Feeding ecology and diet
Noctilio leporinus is best known for its remarkable set of adaptations to piscivory. Only one other bat species worldwide is known to prey on fish: Myotis vivesi (Vespertilionidae). N. albiventris is primarily insectivorous, and N. leporinus also includes a large proportion of insects in the diet. Both species use their large cheek pouches to store partially chewed food, possibly allowing them to continue foraging without having to stop to consume their prey fully, as in most bats.
Bulldog bats use constant frequency and frequencymodulated echolocation to detect prey at the surface of the water and in flight. The rear feet are dragged through the water and used to gaff prey at the surface.
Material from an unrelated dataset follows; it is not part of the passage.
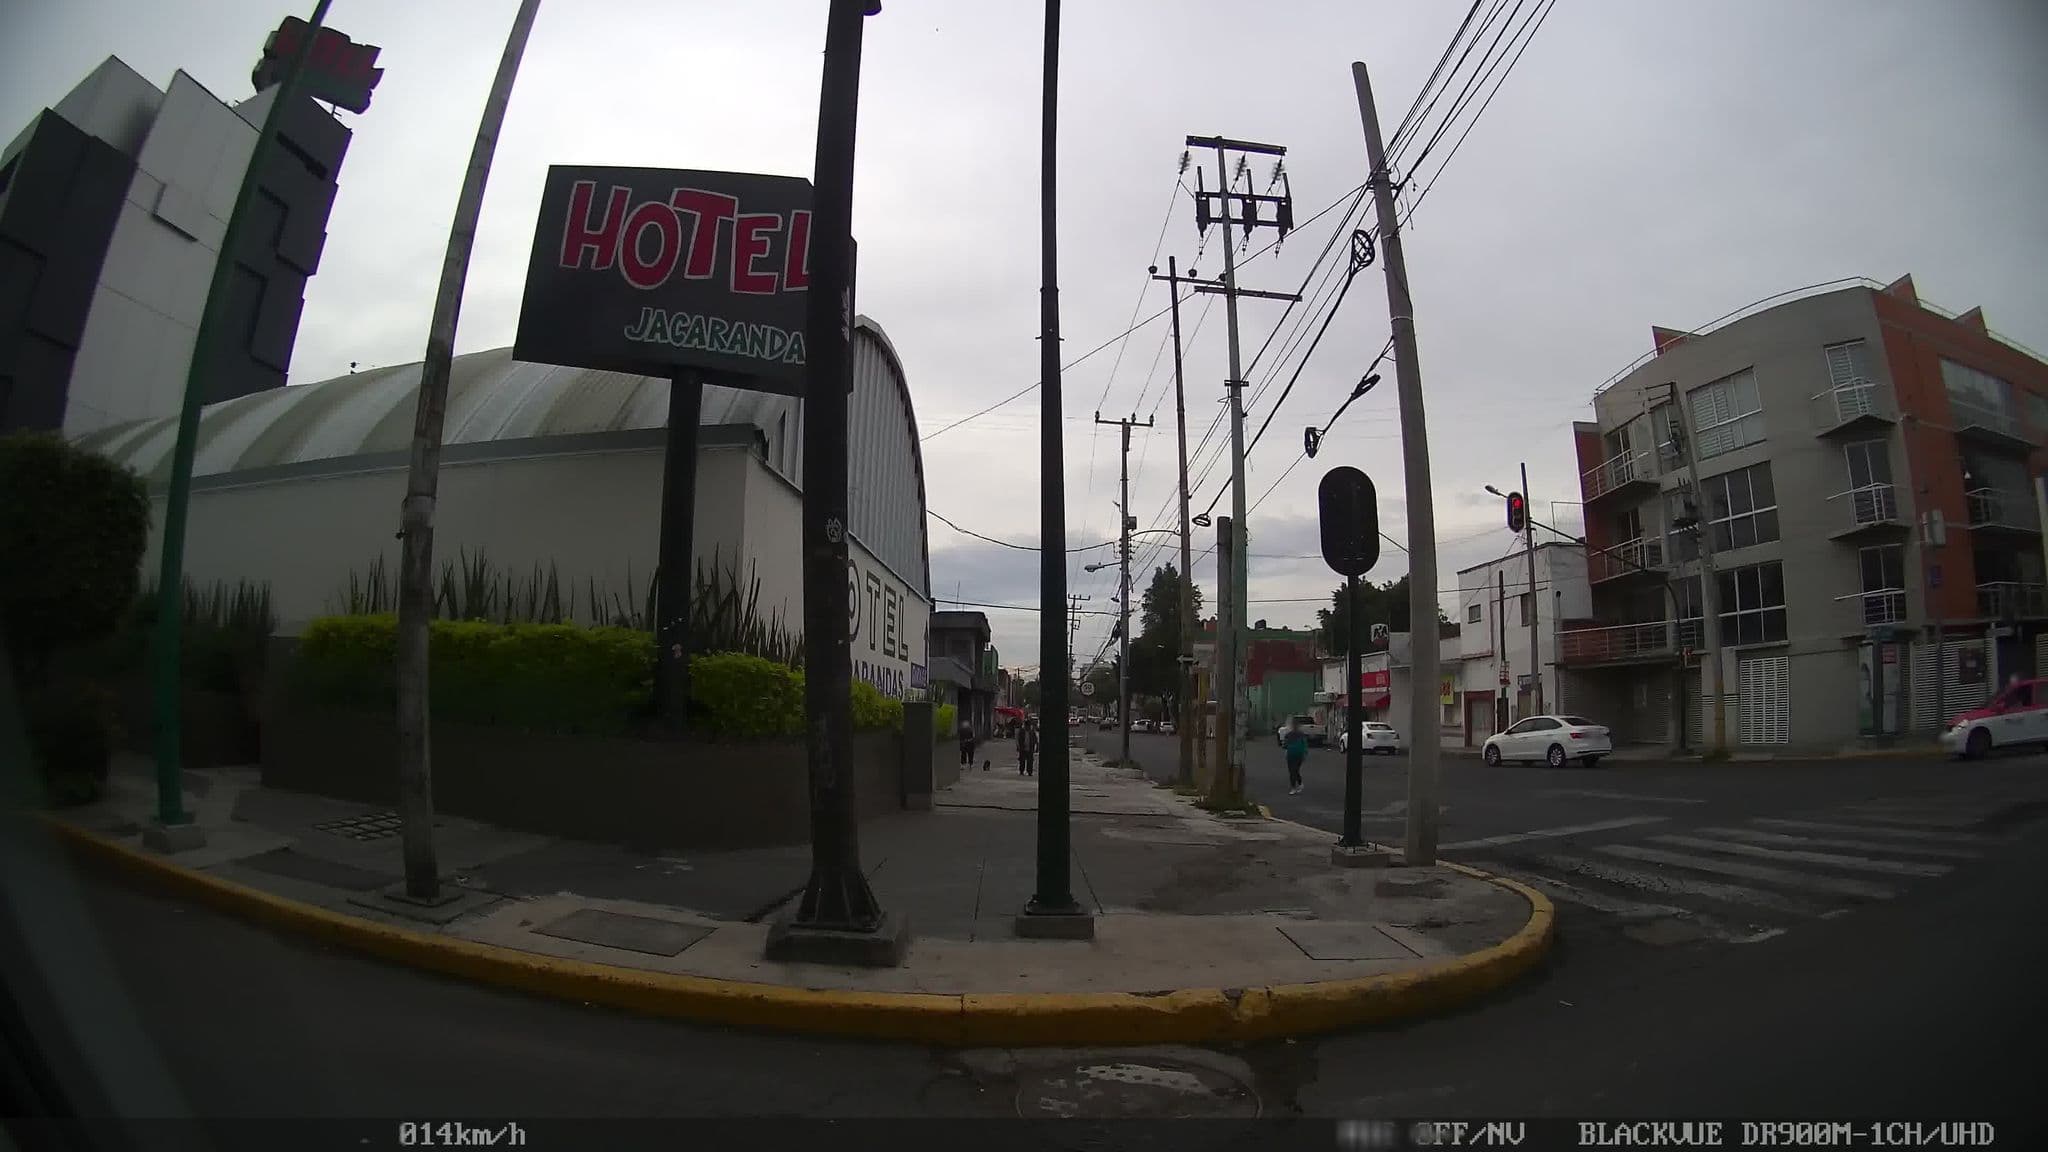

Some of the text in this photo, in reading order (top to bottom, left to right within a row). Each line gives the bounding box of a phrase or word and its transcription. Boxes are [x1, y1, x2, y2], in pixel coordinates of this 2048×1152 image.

[559, 180, 812, 294] HOTEL
[624, 307, 805, 364] JACARANDA
[850, 659, 905, 702] ARANDAS
The stiff, elongate calcars are used to elevate the tail membrane above the surface of the water, minimizing drag. Prey are sometimes transferred to the tail membrane and then to the mouth during flight.
Field studies suggest that females of both species give birth to a single young each year, with the majority of mating in November and December and births occurring in April through June. However, pregnancy and births have been recorded outside of these seasons in different parts of their ranges and a secondary reproductive peak has been recorded for Noctilio leporinus in Cuba. Young are able to fly at about one month of age. Males and females seem to attend the young during their first month of life, suggesting extensive biparental care. A single male typically lives with a harem of females in a polygynous organization. Mating behaviors are unknown, but a warty out-pocket of skin on the scrotum in males, and scent-producing glands associated with it, may be involved.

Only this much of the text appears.